Instructions to follow:
Nothing in the records should differ when they are repeated. Restate them word for word.
##### Provided material #####
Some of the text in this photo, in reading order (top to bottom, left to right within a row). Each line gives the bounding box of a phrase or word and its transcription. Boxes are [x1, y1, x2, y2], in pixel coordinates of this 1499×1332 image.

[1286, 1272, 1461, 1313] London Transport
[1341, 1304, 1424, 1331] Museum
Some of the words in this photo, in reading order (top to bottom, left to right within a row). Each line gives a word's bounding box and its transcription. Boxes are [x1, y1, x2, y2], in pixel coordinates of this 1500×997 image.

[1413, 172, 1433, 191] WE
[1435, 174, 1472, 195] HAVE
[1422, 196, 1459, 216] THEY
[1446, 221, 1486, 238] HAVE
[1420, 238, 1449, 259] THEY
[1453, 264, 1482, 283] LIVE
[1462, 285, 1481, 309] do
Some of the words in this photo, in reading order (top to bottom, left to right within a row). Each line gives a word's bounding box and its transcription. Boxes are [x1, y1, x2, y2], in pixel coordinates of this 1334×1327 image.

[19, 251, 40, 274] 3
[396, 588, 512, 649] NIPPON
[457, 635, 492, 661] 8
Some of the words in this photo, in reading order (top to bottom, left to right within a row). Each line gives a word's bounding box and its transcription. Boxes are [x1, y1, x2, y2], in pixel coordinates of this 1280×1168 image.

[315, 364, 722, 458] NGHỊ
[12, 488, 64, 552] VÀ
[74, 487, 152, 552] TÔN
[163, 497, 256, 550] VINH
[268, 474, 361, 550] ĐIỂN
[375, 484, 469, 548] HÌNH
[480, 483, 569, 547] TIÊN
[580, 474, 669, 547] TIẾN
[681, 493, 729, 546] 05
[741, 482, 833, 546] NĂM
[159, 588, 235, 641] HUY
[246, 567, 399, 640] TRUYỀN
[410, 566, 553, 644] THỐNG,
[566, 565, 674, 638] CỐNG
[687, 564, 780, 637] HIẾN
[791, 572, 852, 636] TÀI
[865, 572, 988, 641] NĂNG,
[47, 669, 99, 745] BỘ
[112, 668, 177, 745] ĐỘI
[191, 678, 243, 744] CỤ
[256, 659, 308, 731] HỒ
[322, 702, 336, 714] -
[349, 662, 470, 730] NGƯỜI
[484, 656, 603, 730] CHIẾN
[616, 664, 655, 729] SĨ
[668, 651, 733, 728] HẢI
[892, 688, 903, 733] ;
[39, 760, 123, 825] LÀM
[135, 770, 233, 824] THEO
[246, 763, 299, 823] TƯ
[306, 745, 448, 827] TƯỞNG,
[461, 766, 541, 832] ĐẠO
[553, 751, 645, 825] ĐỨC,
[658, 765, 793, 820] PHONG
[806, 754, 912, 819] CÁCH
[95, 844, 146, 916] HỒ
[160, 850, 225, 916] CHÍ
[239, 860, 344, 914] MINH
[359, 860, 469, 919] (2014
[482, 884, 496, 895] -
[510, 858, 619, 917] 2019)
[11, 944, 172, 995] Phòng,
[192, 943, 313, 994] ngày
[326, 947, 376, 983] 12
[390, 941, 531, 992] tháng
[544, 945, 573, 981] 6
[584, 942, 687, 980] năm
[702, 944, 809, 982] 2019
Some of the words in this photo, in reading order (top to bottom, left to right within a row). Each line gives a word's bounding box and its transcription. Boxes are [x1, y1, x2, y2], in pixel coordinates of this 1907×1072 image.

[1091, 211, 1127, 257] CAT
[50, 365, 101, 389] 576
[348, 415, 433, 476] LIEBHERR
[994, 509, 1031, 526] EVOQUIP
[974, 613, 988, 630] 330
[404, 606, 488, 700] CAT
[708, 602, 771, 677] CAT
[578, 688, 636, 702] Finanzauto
#####
Reply to the exercise:
Some of the text in this photo, in reading order (top to bottom, left to right within a row). Each line gives the bounding box of a phrase or word and its transcription. Boxes are [x1, y1, x2, y2], in pixel coordinates of this 1499×1332 image.

[1286, 1272, 1461, 1313] London Transport
[1341, 1304, 1424, 1331] Museum
Some of the words in this photo, in reading order (top to bottom, left to right within a row). Each line gives a word's bounding box and its transcription. Boxes are [x1, y1, x2, y2], in pixel coordinates of this 1500×997 image.

[1413, 172, 1433, 191] WE
[1435, 174, 1472, 195] HAVE
[1422, 196, 1459, 216] THEY
[1446, 221, 1486, 238] HAVE
[1420, 238, 1449, 259] THEY
[1453, 264, 1482, 283] LIVE
[1462, 285, 1481, 309] do
Some of the words in this photo, in reading order (top to bottom, left to right within a row). Each line gives a word's bounding box and its transcription. Boxes are [x1, y1, x2, y2], in pixel coordinates of this 1334×1327 image.

[19, 251, 40, 274] 3
[396, 588, 512, 649] NIPPON
[457, 635, 492, 661] 8
Some of the words in this photo, in reading order (top to bottom, left to right within a row). Each line gives a word's bounding box and its transcription. Boxes are [x1, y1, x2, y2], in pixel coordinates of this 1280×1168 image.

[315, 364, 722, 458] NGHỊ
[12, 488, 64, 552] VÀ
[74, 487, 152, 552] TÔN
[163, 497, 256, 550] VINH
[268, 474, 361, 550] ĐIỂN
[375, 484, 469, 548] HÌNH
[480, 483, 569, 547] TIÊN
[580, 474, 669, 547] TIẾN
[681, 493, 729, 546] 05
[741, 482, 833, 546] NĂM
[159, 588, 235, 641] HUY
[246, 567, 399, 640] TRUYỀN
[410, 566, 553, 644] THỐNG,
[566, 565, 674, 638] CỐNG
[687, 564, 780, 637] HIẾN
[791, 572, 852, 636] TÀI
[865, 572, 988, 641] NĂNG,
[47, 669, 99, 745] BỘ
[112, 668, 177, 745] ĐỘI
[191, 678, 243, 744] CỤ
[256, 659, 308, 731] HỒ
[322, 702, 336, 714] -
[349, 662, 470, 730] NGƯỜI
[484, 656, 603, 730] CHIẾN
[616, 664, 655, 729] SĨ
[668, 651, 733, 728] HẢI
[892, 688, 903, 733] ;
[39, 760, 123, 825] LÀM
[135, 770, 233, 824] THEO
[246, 763, 299, 823] TƯ
[306, 745, 448, 827] TƯỞNG,
[461, 766, 541, 832] ĐẠO
[553, 751, 645, 825] ĐỨC,
[658, 765, 793, 820] PHONG
[806, 754, 912, 819] CÁCH
[95, 844, 146, 916] HỒ
[160, 850, 225, 916] CHÍ
[239, 860, 344, 914] MINH
[359, 860, 469, 919] (2014
[482, 884, 496, 895] -
[510, 858, 619, 917] 2019)
[11, 944, 172, 995] Phòng,
[192, 943, 313, 994] ngày
[326, 947, 376, 983] 12
[390, 941, 531, 992] tháng
[544, 945, 573, 981] 6
[584, 942, 687, 980] năm
[702, 944, 809, 982] 2019
Some of the words in this photo, in reading order (top to bottom, left to right within a row). Each line gives a word's bounding box and its transcription. Boxes are [x1, y1, x2, y2], in pixel coordinates of this 1907×1072 image.

[1091, 211, 1127, 257] CAT
[50, 365, 101, 389] 576
[348, 415, 433, 476] LIEBHERR
[994, 509, 1031, 526] EVOQUIP
[974, 613, 988, 630] 330
[404, 606, 488, 700] CAT
[708, 602, 771, 677] CAT
[578, 688, 636, 702] Finanzauto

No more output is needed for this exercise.